Di is a genius and if it wasn't for her Glassons AU wouldn't be where it is today

James is pretty good but no genius

And if take out 2018 growth of 57% and credit that to Di as James was settling in your quadruple in 7  years is more like threefold in 6 years

That's the past but aren't you looking forward to F25 EPS of 73 cents.

Basil

#1226
Thanks, Ferg and of course you are quite right there was a warning to that effect so it's good to be conservative but 2% does seem a little too much, given loosening central bank policy restraint forecast on boat sides of the Tasman, but time will tell.

13 companies a VERY strong effort, (how do you find the time ?). and I really appreciate the work you are putting in.  I really love the objective decade long helicopter view you are providing on these companies.  So much talk and creative corporate "speak" by companies...just let the numbers do the talking I reckon.  Really looking forward to your thoughts on Turners.  Best wishes with moving house.

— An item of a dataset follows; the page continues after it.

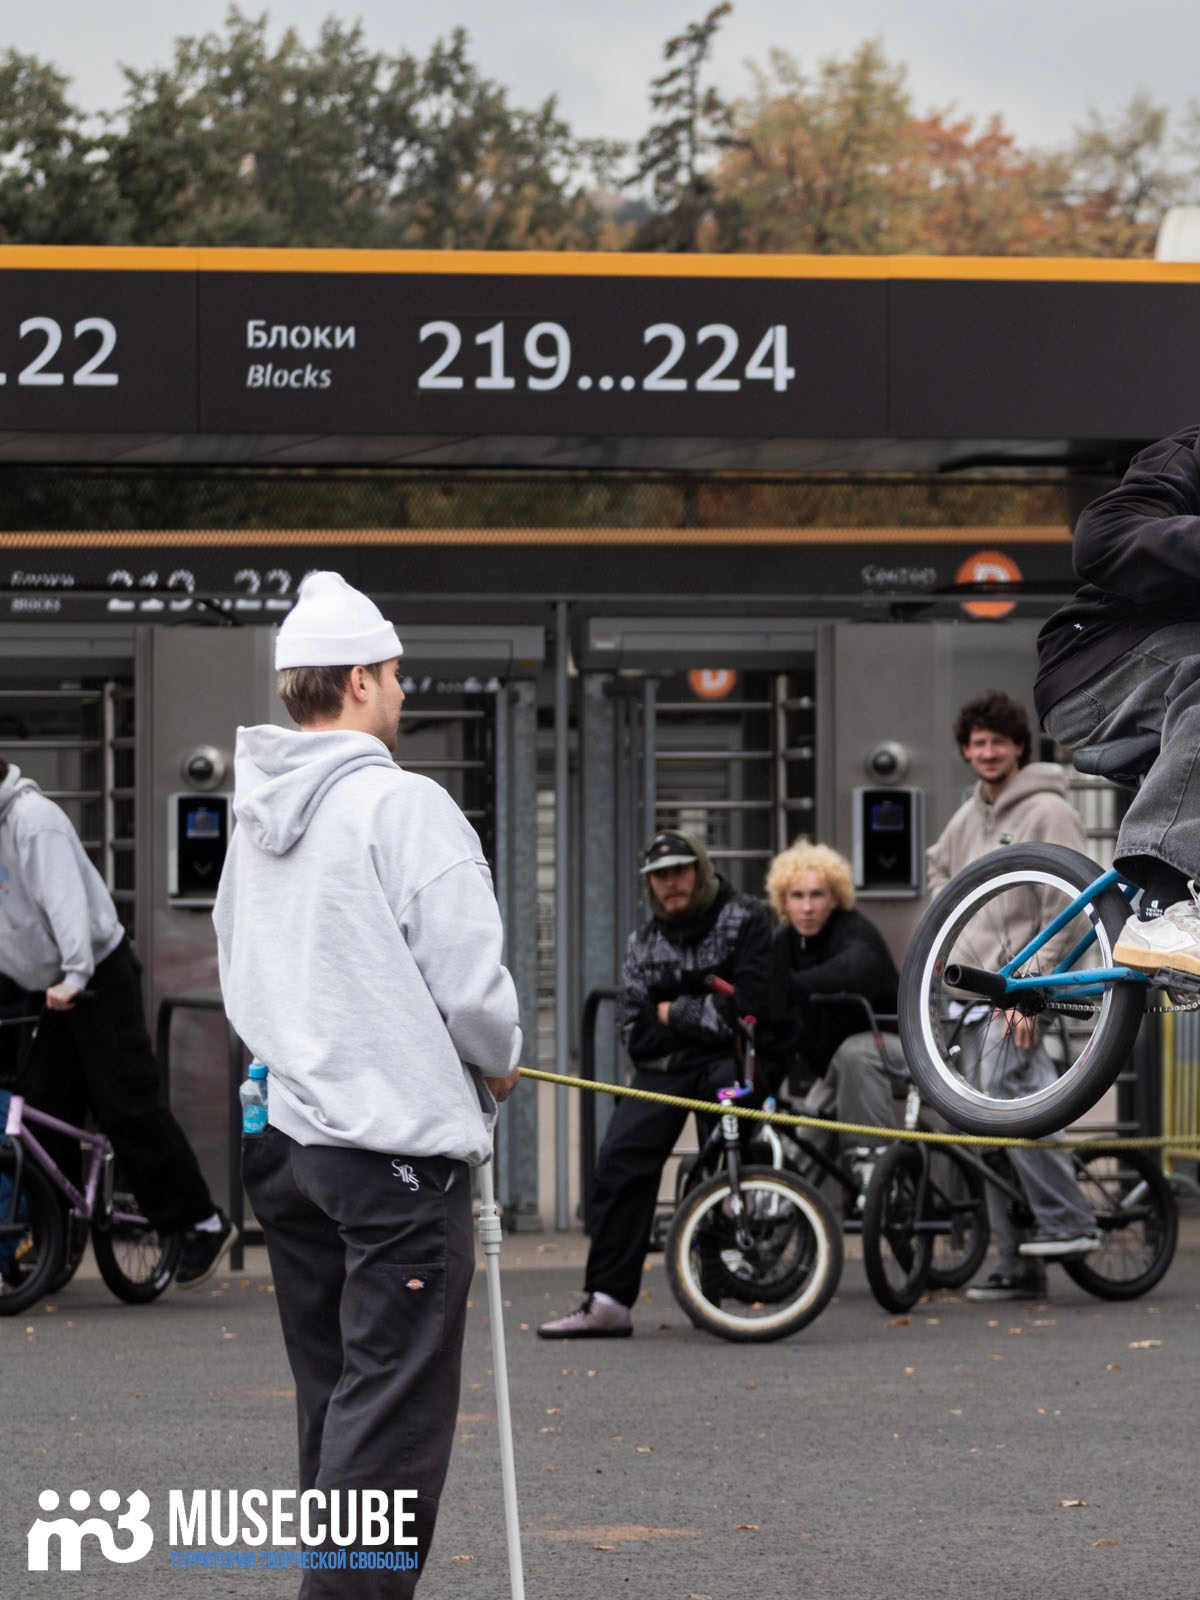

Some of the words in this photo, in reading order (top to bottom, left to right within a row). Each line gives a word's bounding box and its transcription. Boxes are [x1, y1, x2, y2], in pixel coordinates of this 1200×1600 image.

From memory Di Humphries came and went in the 2010's decade, like a revolving door and I can't remember the overall timing of her comings and goings, but I'll follow suit and let the numbers do the talking.  Glassons Au sales in 2011 were $36m and that grew at only just on a 5% CAGR through to 2017 to $50m and since James was appointed sales have more than quadrupled from $50m to $218m and grown at a 23% CAGR.  Who is responsible for the recent growth, I think the numbers speak for themselves but acknowledge others will have a different view that foundations were laid that were vital for the recent growth and that's fine.  All that really matters to me as a shareholder is the Australian growth is working and its strong even at the bottom of the retail cycle.

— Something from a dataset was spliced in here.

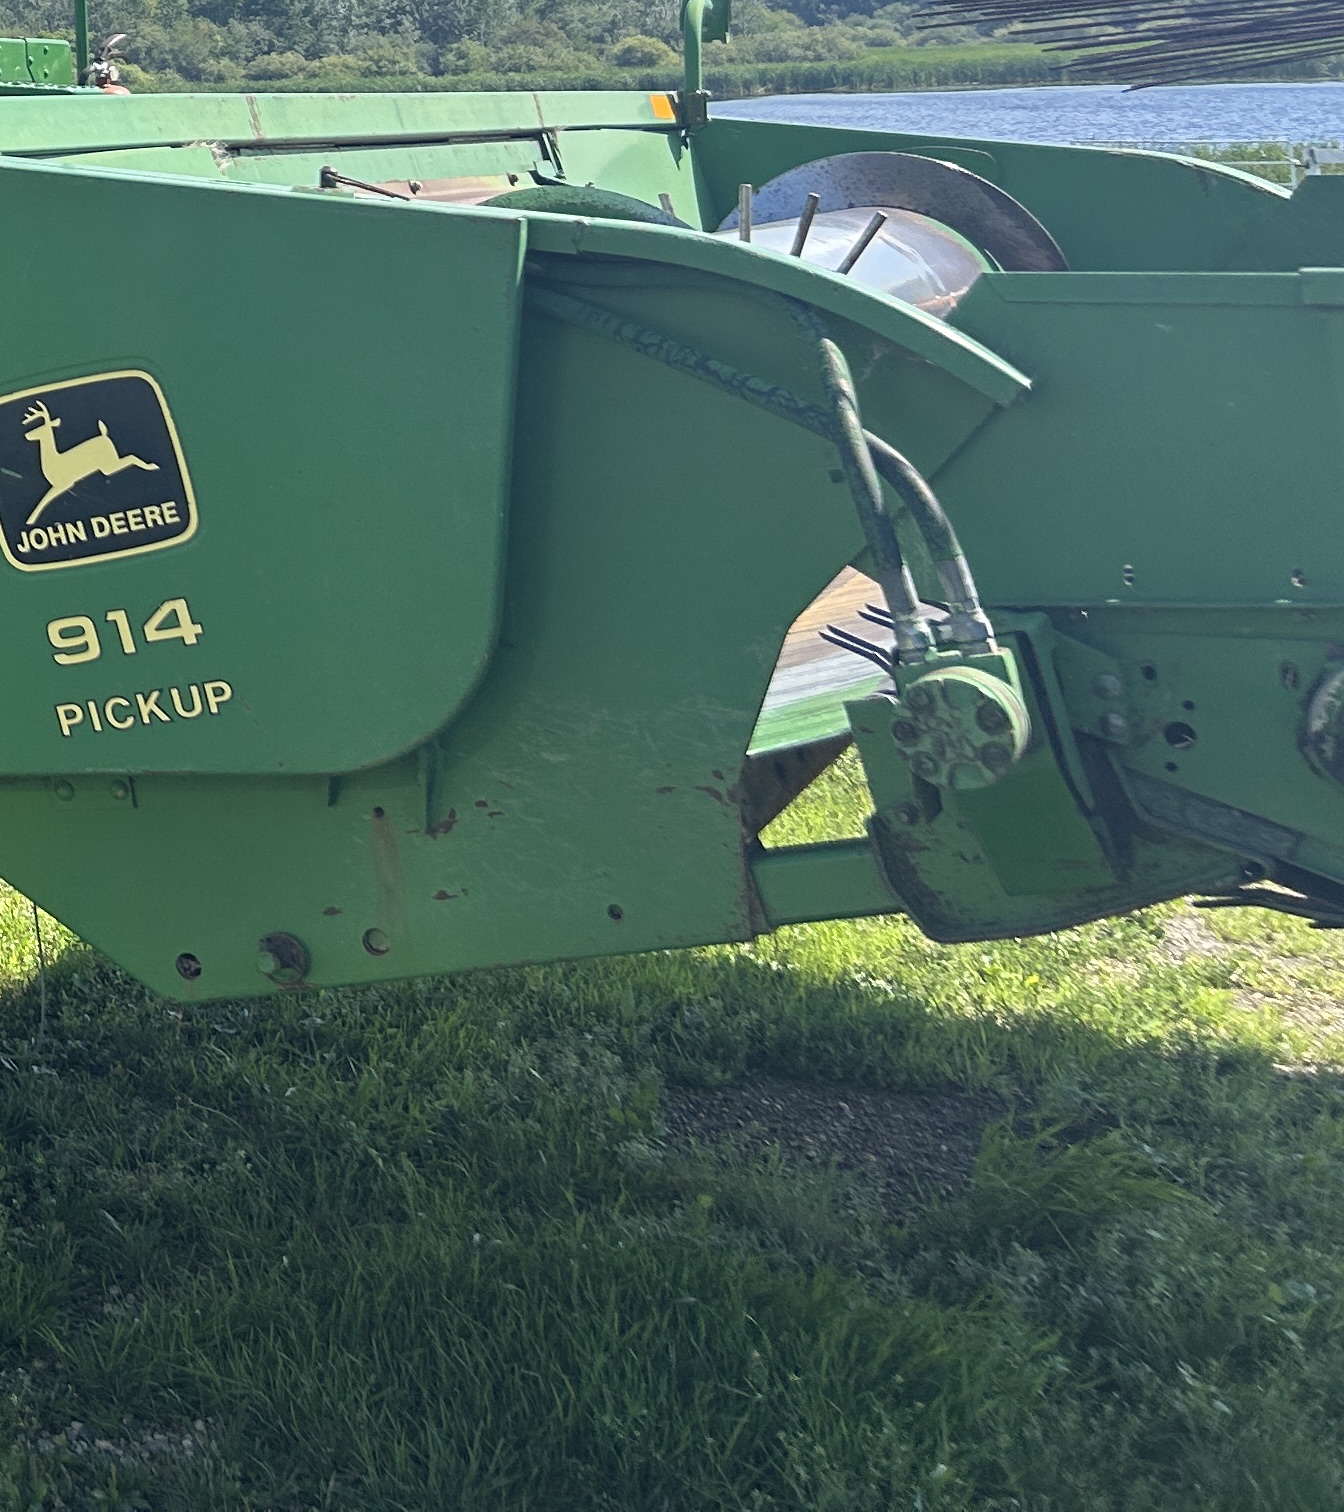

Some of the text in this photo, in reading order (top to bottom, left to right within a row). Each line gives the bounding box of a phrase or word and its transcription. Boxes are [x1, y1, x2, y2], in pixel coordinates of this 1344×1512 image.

That said, Winner me Ol mate, you make a fair point about FY18 growth, and I accept Di laid the foundations for that but threefold sales growth in 6 years is very impressive to.  Perhaps you underrate James's skills a little?

I think it's a bit too early to be making estimations of FY25 eps.  My investment thesis is quite simple, I'm in like a hungry dividend hound for the 10% gross dividend yield and very confident of earnings / dividend growth in the years ahead as the economy recovers, translating into the share price hopefully heading north over time.  They're in a VERY strong position with just on 75 cents per share in cash on the balance sheet.  Take that out from the current share price and the metrics look even more compelling.  As I see it, you're paying a no growth PE of about 9.5-10 times, (about 8.5 times adjusting for cash on the balance sheet), forward earnings for a company with a well proven history of strong growth in Australia and all this at the bottom of the economic cycle. 

winner (n)

Glassons AU sales per store have doubled since 2018

Testament to their expansion and upgrade plans .....James doing lol

Basil

#1228
Quote from: winner (n) on Oct 01, 2024, 02:18 PMTestament to their expansion and upgrade plans .....James doing lol
Very impressive doubling same store sales and adding some more. I fixed that and put it in proper sized font and colour for you lol
20% return on capital with new stores...gosh, maybe they should open a few more really soon.

lorraina

With James Glasson firing up Glasson the huge side effect will be more Malls wanting him to open up a store in their Mall.